В хаосе изломанного войнами, разрухой, голодом времени, в толпах ничем не приметных людей он находил то, что позволяет человеку сохранять достоинство, веру и силы для борьбы. И в этом упрямом отборе художника прежде всего было желание выставить на всеобщее обозрение то самое драгоценное, что должно оставаться и остается в иных людях, какие бы испытания ни выпадали на их долю. Своим неторопливым повествованием, где всякая мелочь, каждое описание проникнуто ясным человеческим взором, Паустовский как бы заставлял читателя оглянуться на мир, на время, на людей, на себя.
Легенда о Паустовском задолго до его смерти была настолько определенна и властна, что постепенно поглощала и ежедневные будничные события его жизни, придавая им особое значение и смысл. В представлении людей он был больше, необыкновеннее и неизмеримо загадочнее, чем на самом деле. Когда в том же кафе на набережной кто-то из официанток, не удержавшись, сообщал своим клиентам его имя, указывая туда, где он сидел, люди, забыв приличие, поворачивались с такими распахнутыми вовсю глазами, точно им предстояло охватить взглядом гору.

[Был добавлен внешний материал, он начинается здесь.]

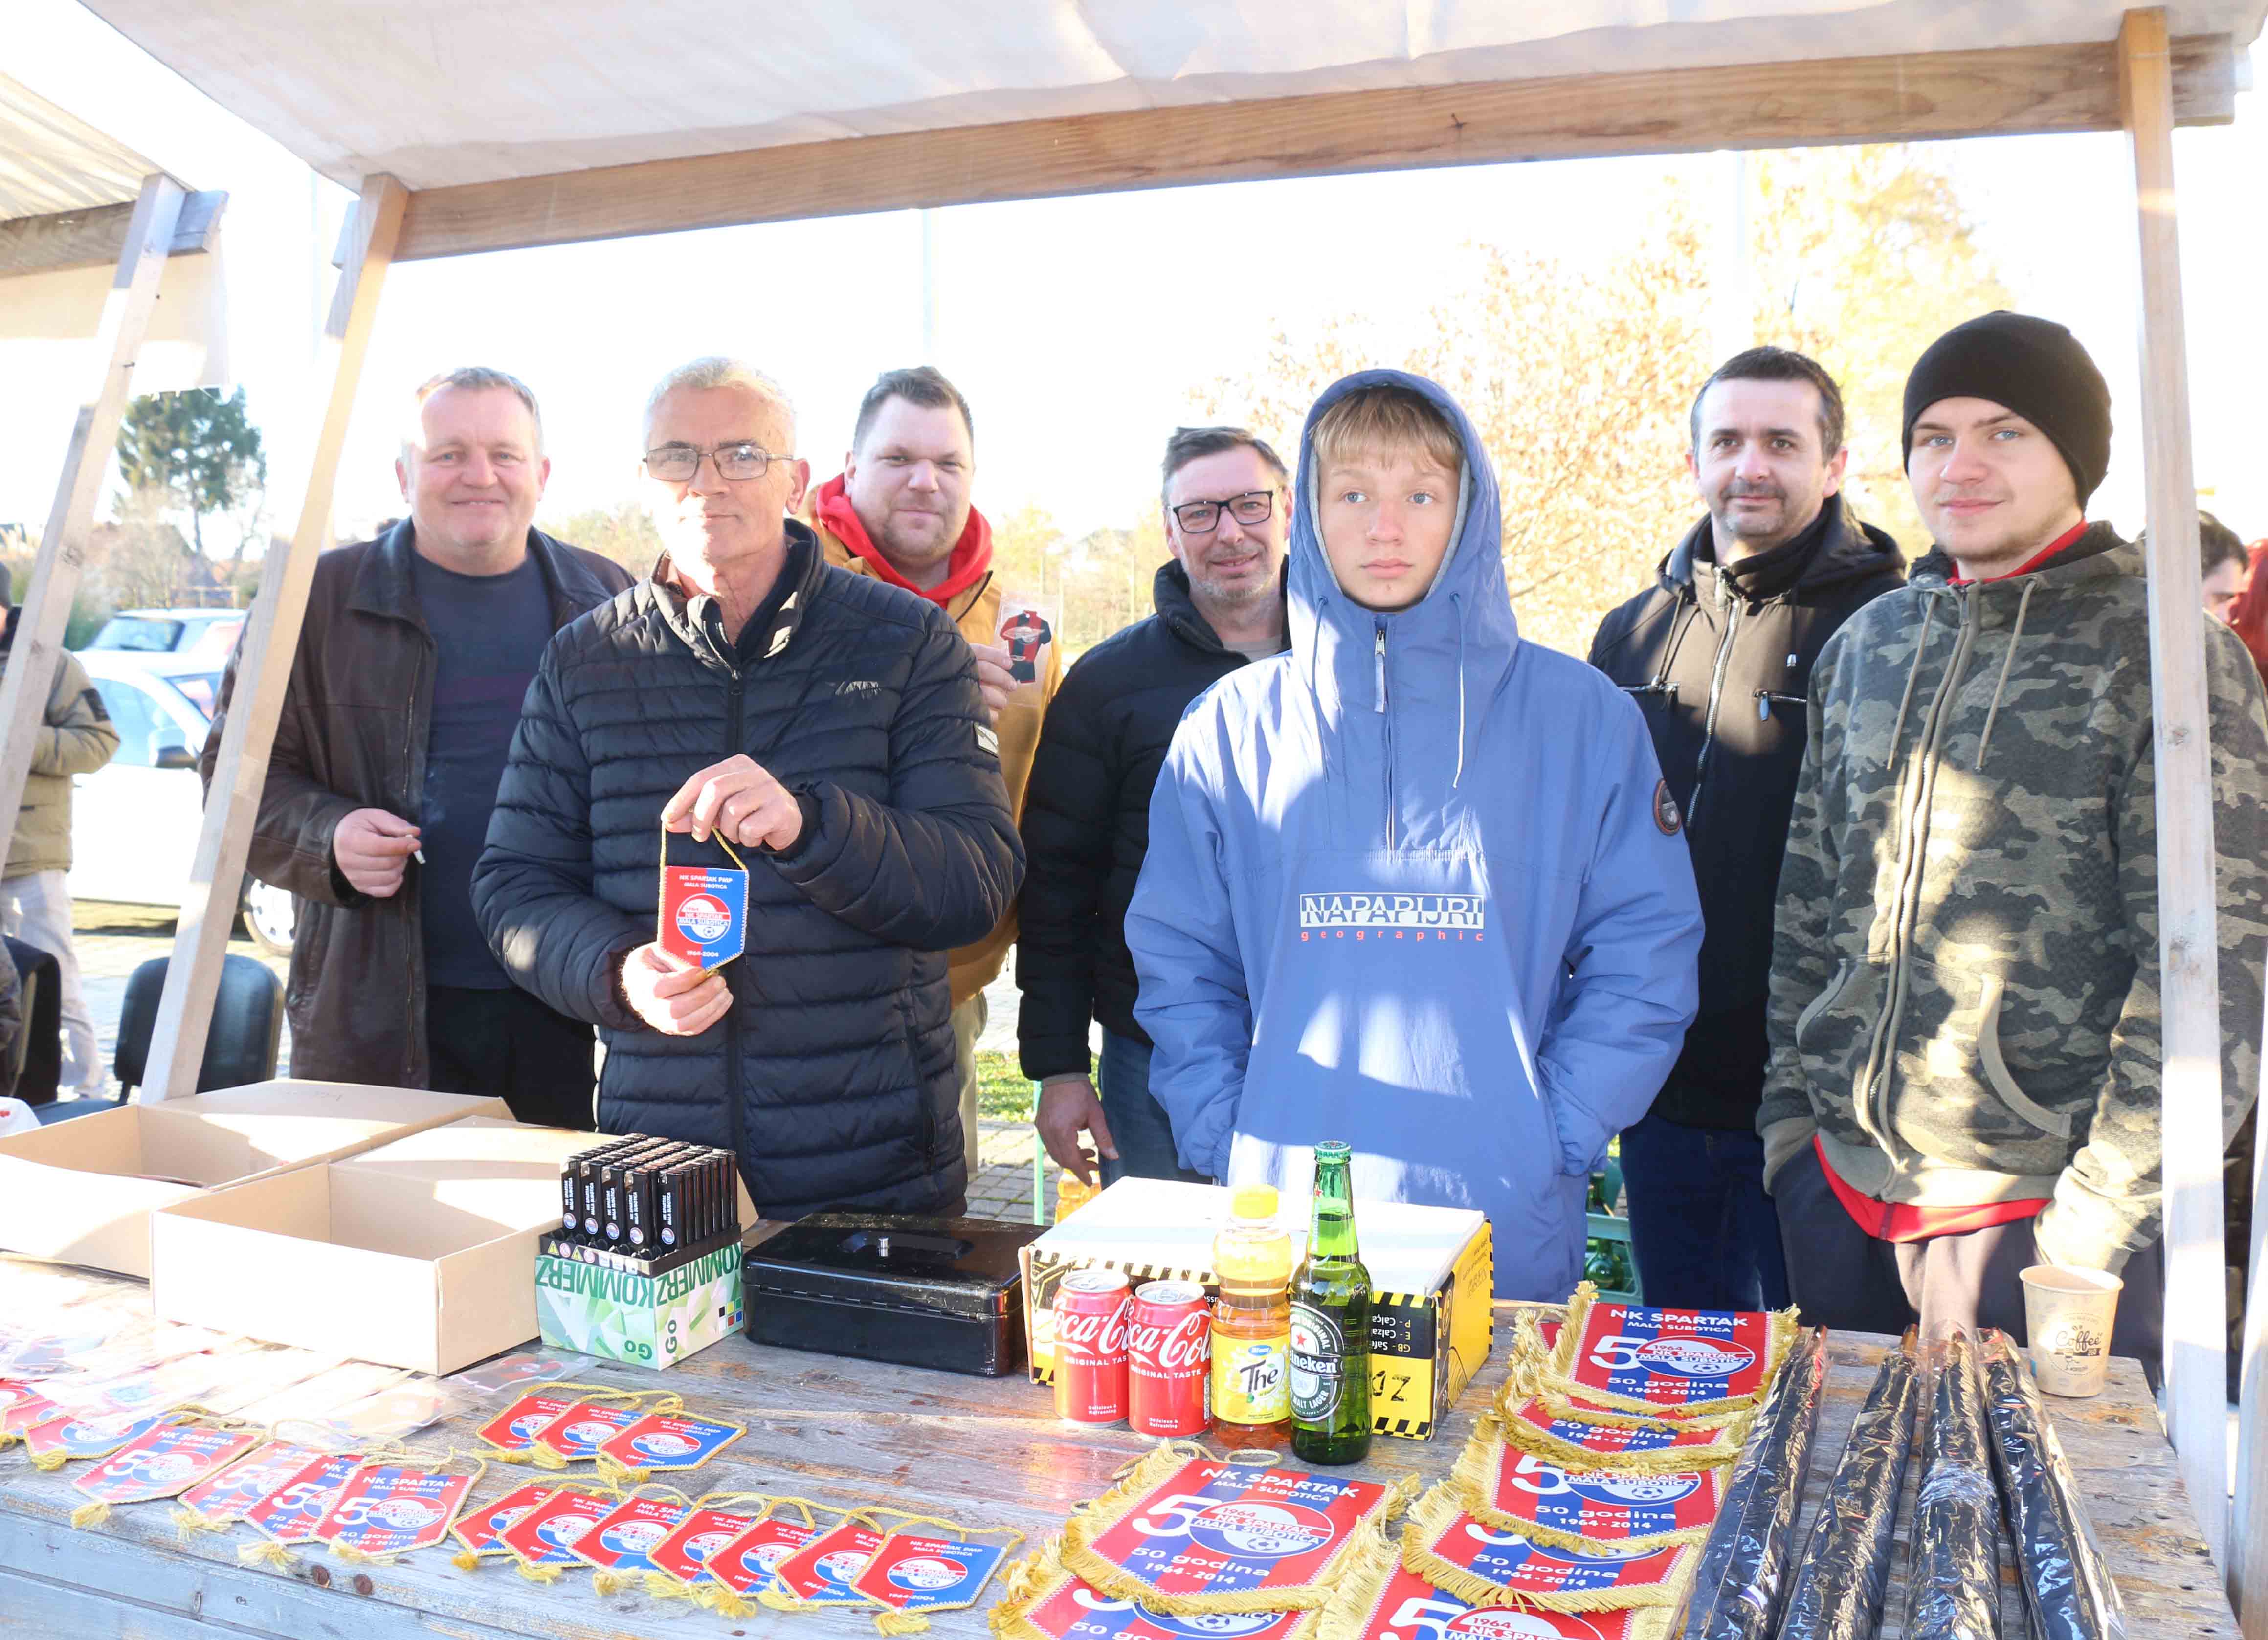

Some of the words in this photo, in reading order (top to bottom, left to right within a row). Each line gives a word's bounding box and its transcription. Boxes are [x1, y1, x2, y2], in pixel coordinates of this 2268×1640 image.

[1304, 896, 1483, 925] NAPAPIJRI
[1300, 930, 1484, 942] geographic
[657, 1242, 743, 1306] KOMMERZ
[535, 1256, 654, 1308] KOMMERZ
[1611, 1309, 1644, 1321] NK
[1650, 1312, 1748, 1327] SPARTAK
[1371, 1328, 1396, 1339] Calza
[1667, 1325, 1731, 1333] SUBOTICA
[1398, 1344, 1411, 1352] GB
[2056, 1330, 2101, 1354] Coffee
[1064, 1355, 1109, 1366] ORIGINAL
[1112, 1355, 1127, 1364] TAS
[1291, 1350, 1337, 1373] ineken
[1131, 1364, 1170, 1379] ORIGINAL
[1173, 1369, 1201, 1379] TASTE
[1240, 1360, 1278, 1392] The
[1644, 1379, 1729, 1389] godina
[1292, 1396, 1307, 1409] MALT
[1309, 1390, 1329, 1409] LAGER
[1551, 1420, 1583, 1429] 50
[1588, 1426, 1677, 1441] godina
[1568, 1432, 1601, 1441] 1964
[1611, 1437, 1648, 1447] 2014
[362, 1476, 386, 1485] NK
[389, 1477, 455, 1487] SPARTAK
[1201, 1468, 1242, 1484] NK
[1245, 1473, 1360, 1499] SPARTAK
[1567, 1476, 1612, 1485] MALA
[1213, 1480, 1253, 1490] MALA
[1256, 1485, 1330, 1502] SUBOTICA
[1221, 1507, 1256, 1518] 1964
[1535, 1505, 1569, 1514] 50
[1578, 1509, 1677, 1520] godina
[1215, 1514, 1244, 1527] NK
[1245, 1518, 1312, 1535] SPARTAK
[1560, 1518, 1599, 1526] 1964
[361, 1532, 416, 1540] godina
[1194, 1518, 1241, 1533] MALA
[1243, 1526, 1320, 1545] SUBOTICA
[924, 1542, 962, 1551] SPARTAK
[935, 1548, 973, 1557] SUBOTICA
[1131, 1547, 1166, 1559] 50
[1171, 1553, 1270, 1577] godina
[1473, 1554, 1509, 1566] 50
[1515, 1563, 1619, 1579] godina
[1145, 1562, 1184, 1576] 1964
[1193, 1571, 1237, 1586] 2014
[1491, 1568, 1528, 1580] 1964
[1543, 1575, 1587, 1587] 2014
[1070, 1621, 1107, 1635] 50
[1473, 1617, 1512, 1629] 1964
[1448, 1631, 1496, 1640] MAL
[1468, 1626, 1497, 1637] NK
[1502, 1630, 1553, 1640] SPAR
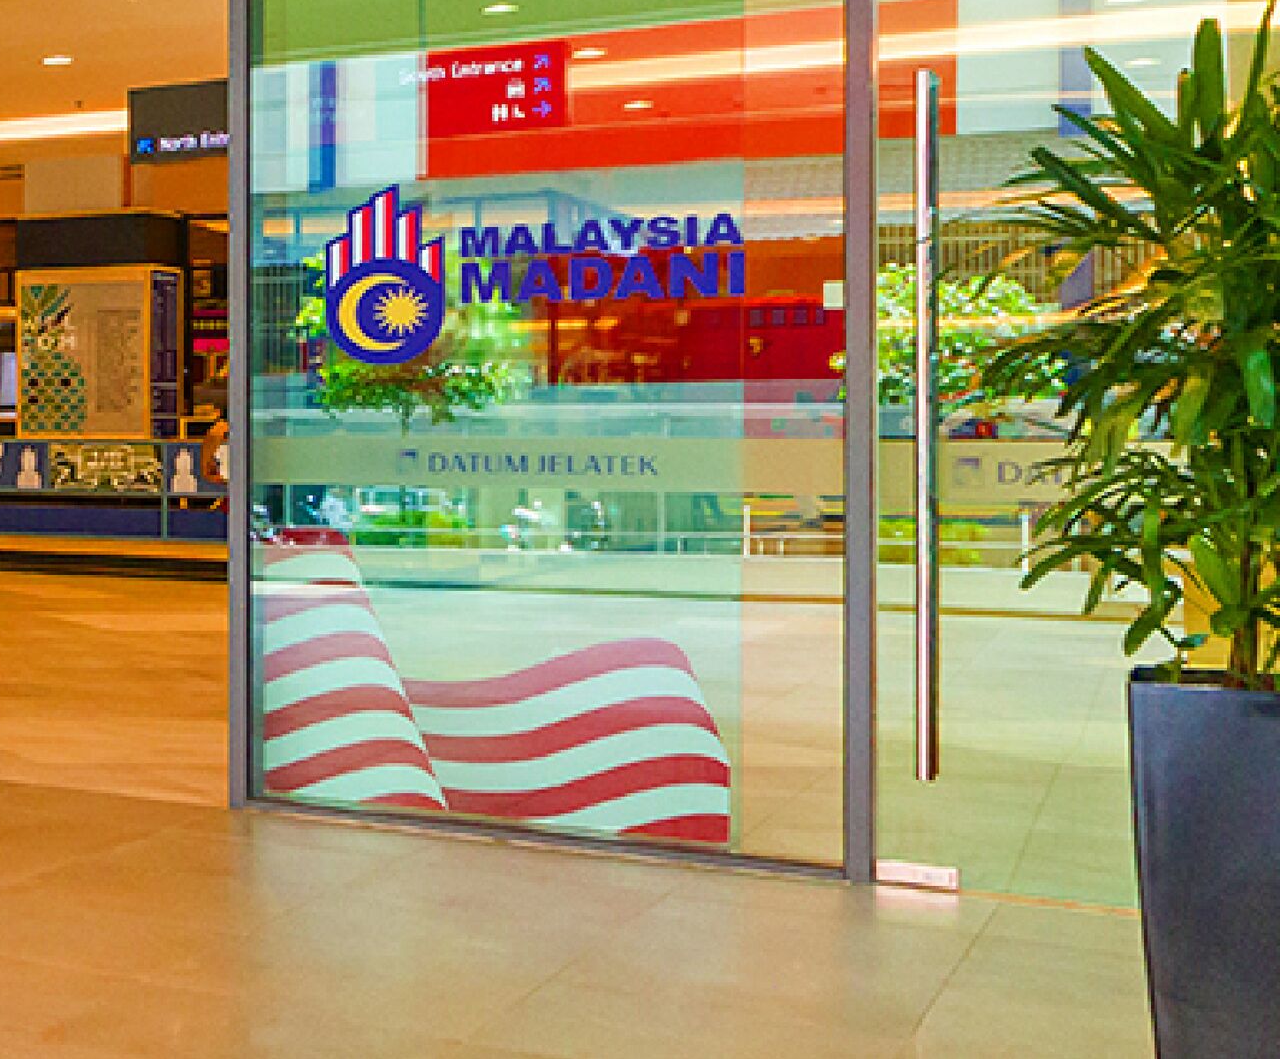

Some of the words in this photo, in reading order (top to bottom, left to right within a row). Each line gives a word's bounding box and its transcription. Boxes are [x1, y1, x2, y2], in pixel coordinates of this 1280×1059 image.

[460, 213, 744, 257] MALAYSIA
[460, 252, 745, 303] MADANI
[427, 451, 529, 475] DATUM
[536, 451, 659, 477] JELATEK

Смерть но отняла пи единого слова из того, что составляет вместе со всеми сочинениями легенду Паустовского. Он остался в своем лирическом герое в памяти людей и во множестве добрых земных дел.
Но с ним ушло то, что было самым удивительным для современников – неповторимое, живое единство несовместимых черт. Соединение глубокой человеческой доброты и несгибаемой воли, старческой фигуры и безупречной элегантности, флотской тельняшки и профессорских очков. В любом пересказе все это распадается на слова, на примеры и тотчас теряет то обаяние, которым сразу же покорял Паустовский.
Та особенная, упрямая определенность, которая есть в отборе материала, событий и самих слов писателя, была ощутима и в поведении и просто во внешнем облике Паустовского.
Всегда подтянутый и, несмотря на годы, какой-то юношески свежий, он производил впечатление человека, что называется, в приподнятом расположении духа. Притом далеко не во всех случаях настроение было праздничным и лучезарным, но ощущение внутреннего накала, темперамента оставалось неизменно.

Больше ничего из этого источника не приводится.